Athens, Ga. – The recently released Winter 2010 issue of The Georgia Review, the University of Georgia’s internationally known quarterly journal of arts and letters, includes featured sections on two of its long-term contributors, Gerald Weales and George Singleton.
Weales’ “American Theater Watch,” a critical round-up of important onstage events from the previous year, appeared annually in The Georgia Review from 1978-2010. Weales, professor emeritus at the University of Pennsylvania and a past winner of the George Jean Nathan Award for Dramatic Criticism, has decided to discontinue the “Watch”-but on occasion, he will still contribute reviews and essays.
For Winter 2010, Review editor Stephen Corey has selected passages from the entire run of Weales’ unique project, giving current readers about thirty pages from the total of 400 available. Corey also conducted an interview with Weales, “Being Out Front in American Theater,” in which the veteran critic recalls such career highlights as getting to see Jessica Tandy portray Blanche in the original Broadway production of Tennessee Williams’ A Streetcar Named Desire.
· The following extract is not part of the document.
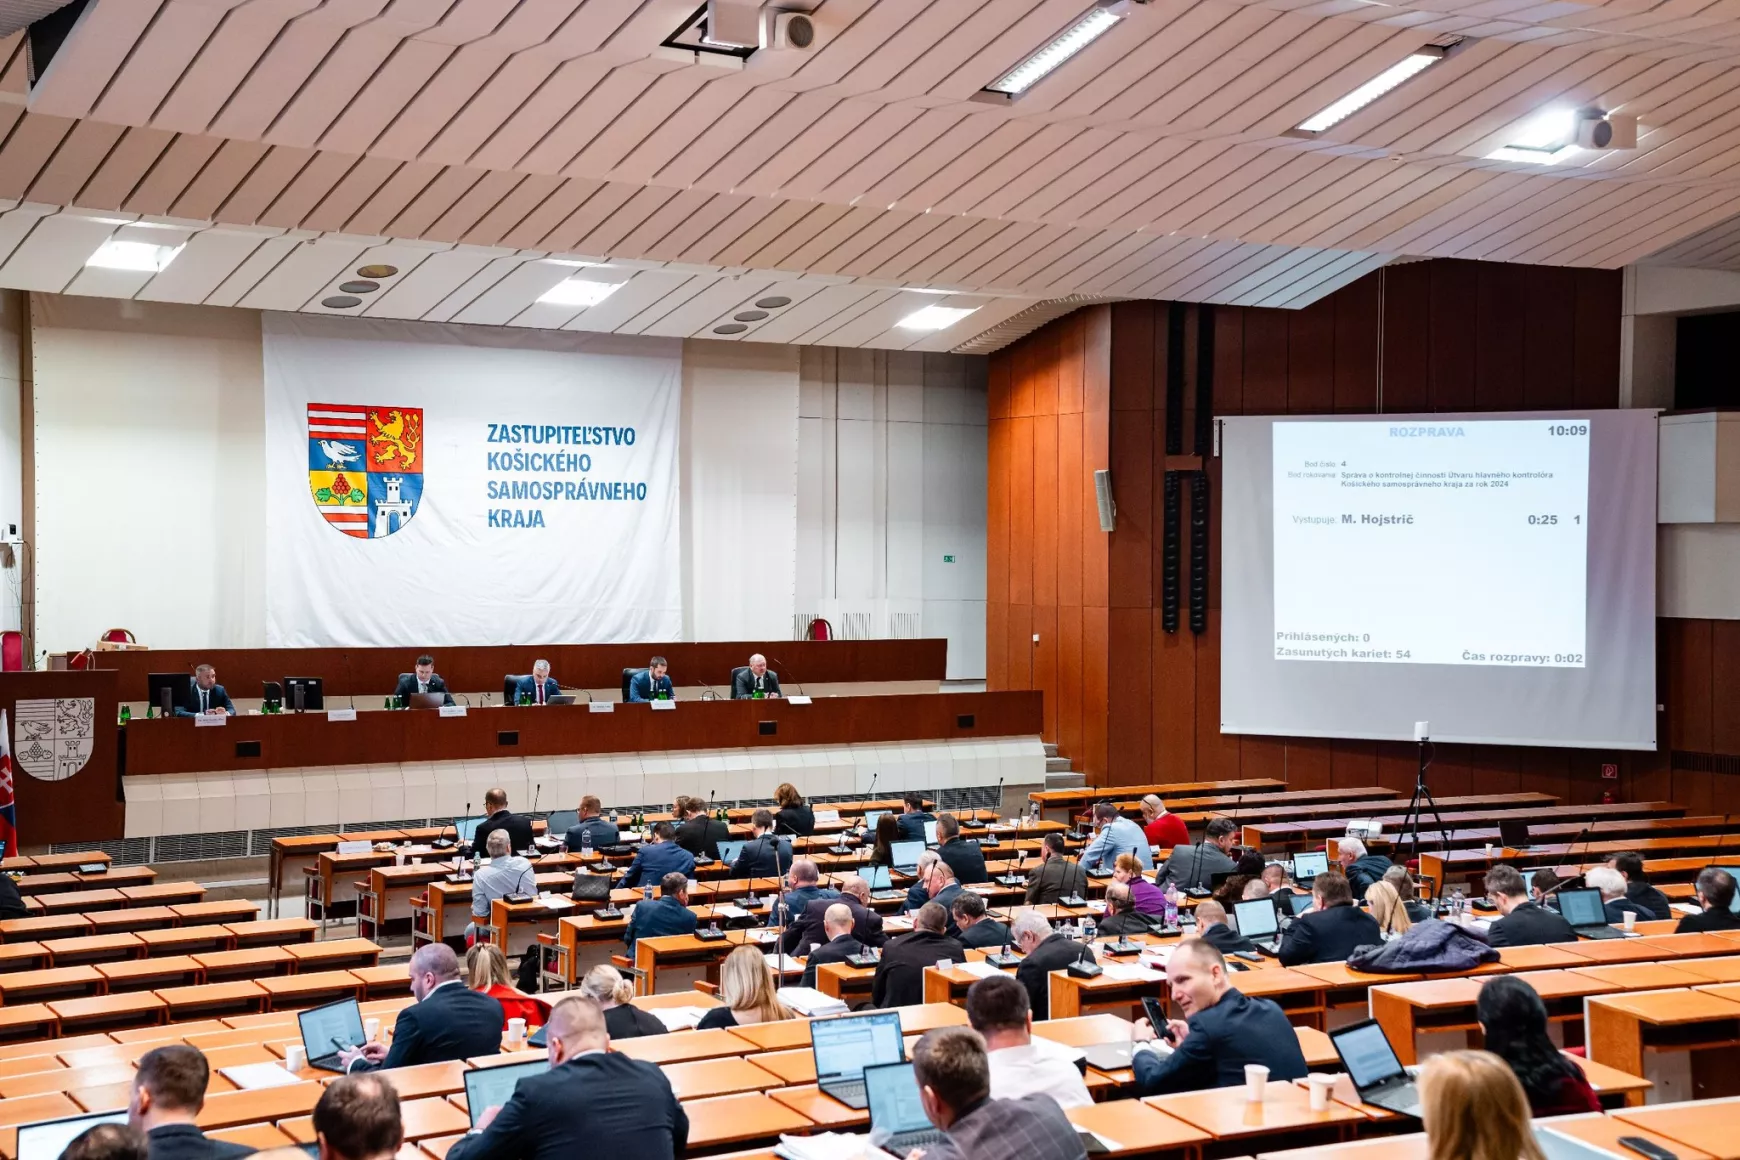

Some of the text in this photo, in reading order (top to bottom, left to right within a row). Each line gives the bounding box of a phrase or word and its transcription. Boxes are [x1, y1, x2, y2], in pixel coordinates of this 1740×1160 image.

South Carolinian George Singleton was a Georgia Review discovery more than twenty years ago, and in the opinion of the journal’s current editorial staff he remains one of the funniest serious fiction writers around. Singleton is represented in this issue by two new pieces of fiction, “Jayne Mansfield” and “Vaccination.” William Giraldi-critic, novelist, and editor-contributes an accompanying essay, “A Holy Impropriety: The Stories of George Singleton.”
The Winter 2010 Georgia Review offers much more as well, such as poems by two-time National Book Critics Circle Award winner Albert Goldbarth, fiction by Michigan veteran Jack Driscoll, and paintings by newcomer Ian Boyden-whose unusual pigment materials include cuttlefish ink, burned heart pine and grapevines, and ground meteorite.